Integration of Social Media With Targeted Emails And In-Person Outreach For Exception From Informed Consent Community Consultation

Integration of Social Media With Targeted Emails And In-Person Outreach For Exception From Informed Consent Community Consultation
Cindy H. Hsu, Jennifer Fowler, James A. Cranford, Michael P. Thomas, Robert W. Neumar
Academic Emergency Medicine, 20 August 2021
Abstract
Background
Exception from informed consent (EFIC) enables the enrollment of research subjects with emergent conditions to clinical trials without prior consent. EFIC study approval requires community consultation and public disclosure. We hypothesized that the integration of social media with targeted emails and in-person outreach is an effective community consultation strategy.
Methods
We utilized social media with targeted emails and in-person outreach for the community consultation of the ACCESS cardiac arrest trial. Study advertisements were disseminated using Facebook and Instagram, and targeted emails were sent to emergency medicine, prehospital and cardiology providers. We also interviewed at-risk individuals with cardiac conditions, their caretakers, and patient advocacy groups. Participants were asked to complete a survey about their opinions about the study.
Results
We collected 559 surveys over an 8-week period, and 70.5% of the surveys were obtained using social media. The mean age of survey respondents was 45 years; 89.9% were white and 60.1% were women. 91.3% believed ACCESS was an important study. Compared to the in-person group, more from social media (81.8% vs 63.3%, p < 0.05) and targeted email (77.4% vs 63.3%, p < 0.05) groups said they would include their loved ones in the study. More from the in-person group believed that their opinion would be considered seriously compared to the social media (75.9% vs 62.6%, p < 0.05) and targeted email (75.9% vs 54.5%, p < 0.05) groups.

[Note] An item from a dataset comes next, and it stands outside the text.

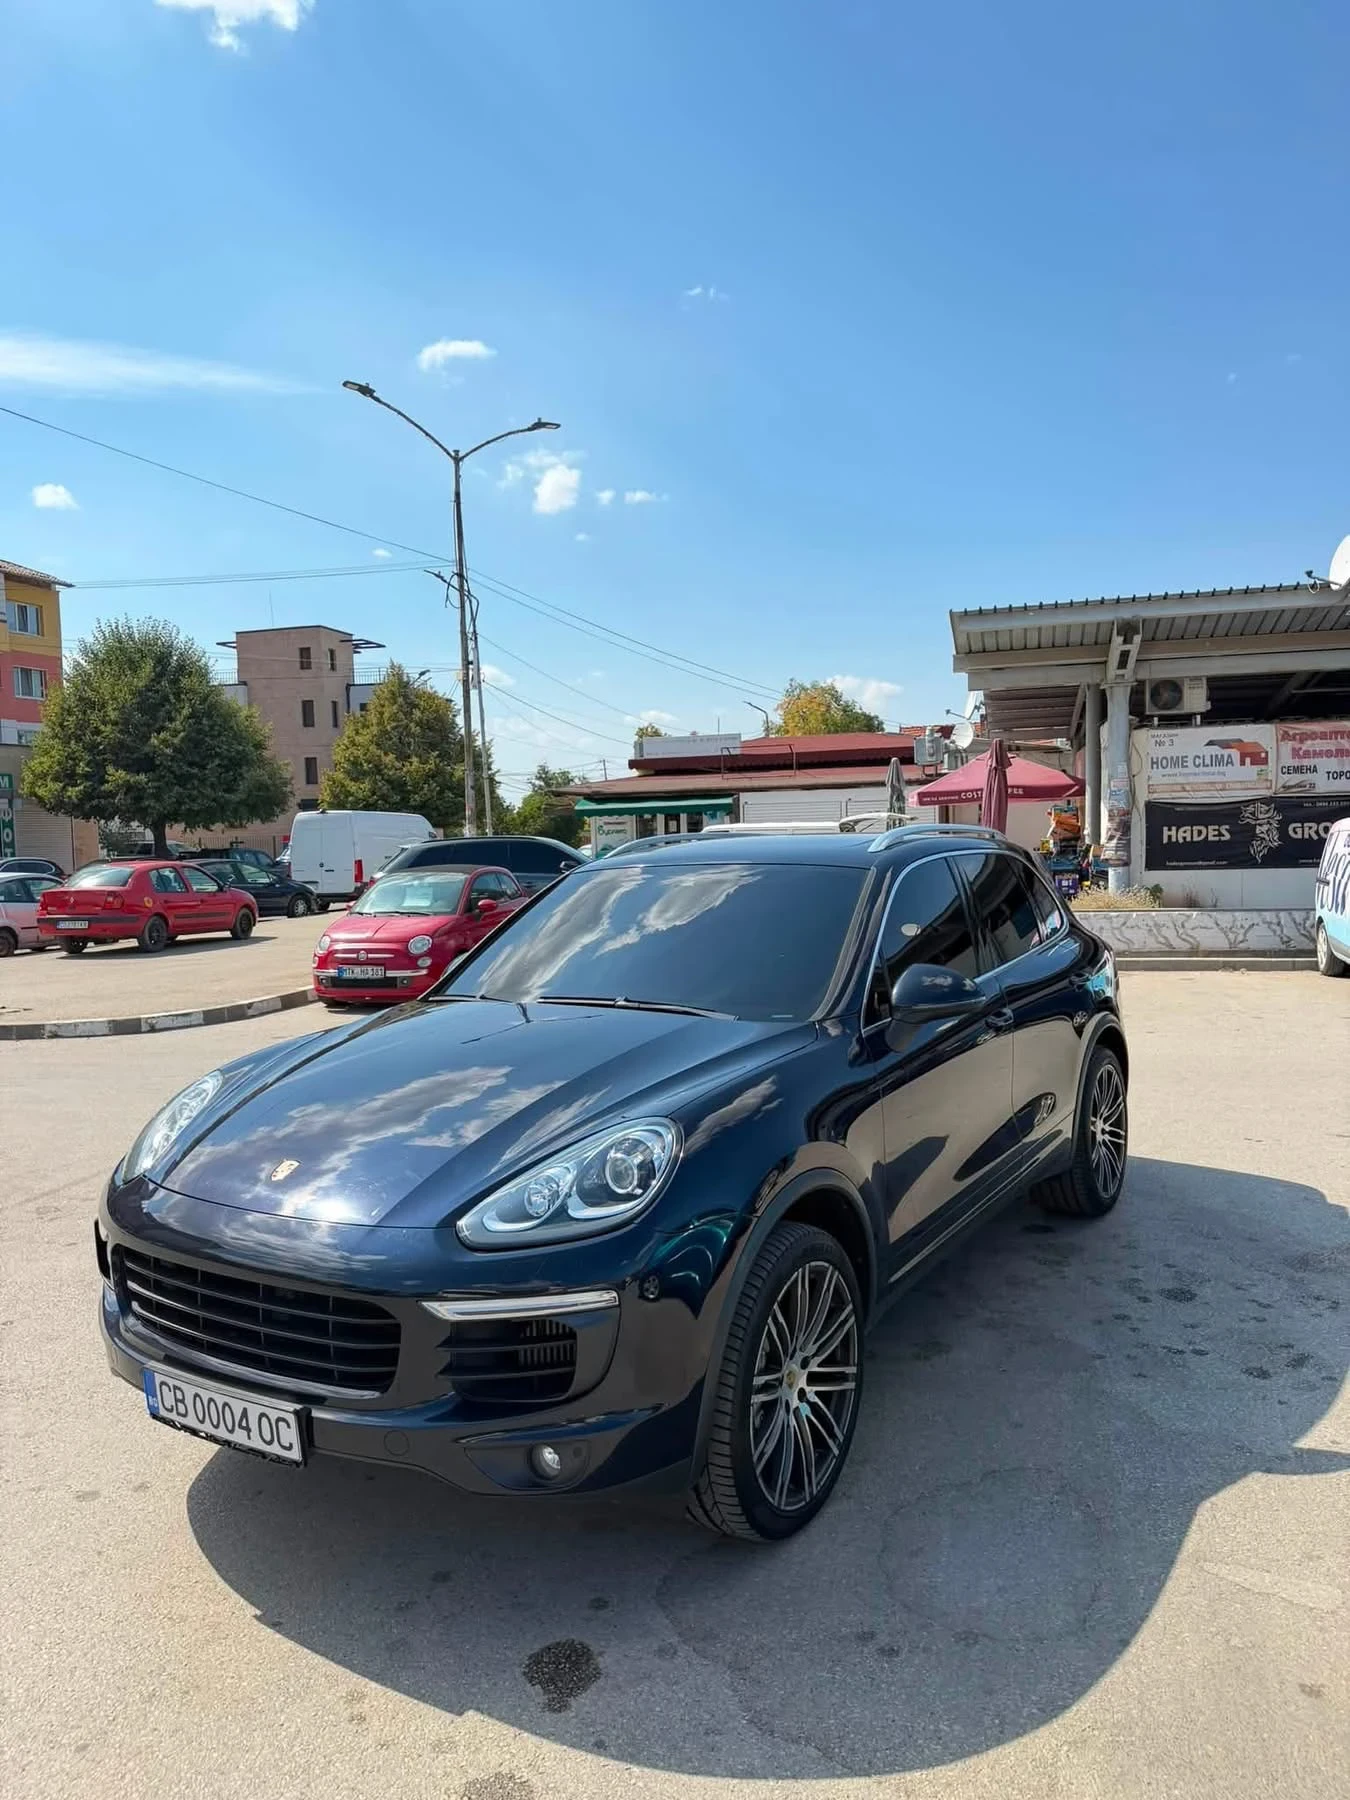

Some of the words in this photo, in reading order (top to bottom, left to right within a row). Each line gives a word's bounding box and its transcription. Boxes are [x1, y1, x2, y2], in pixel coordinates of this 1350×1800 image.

The incorporation of social media and targeted emails for community consultation reduced the cost per survey by 4-fold compared to an in-person only strategy.
Conclusions
The integration of social media with targeted emails and in-person outreach was a feasible and cost-saving approach for EFIC community consultation. Future work is necessary to determine the perception and best utilization of social media for community consultation.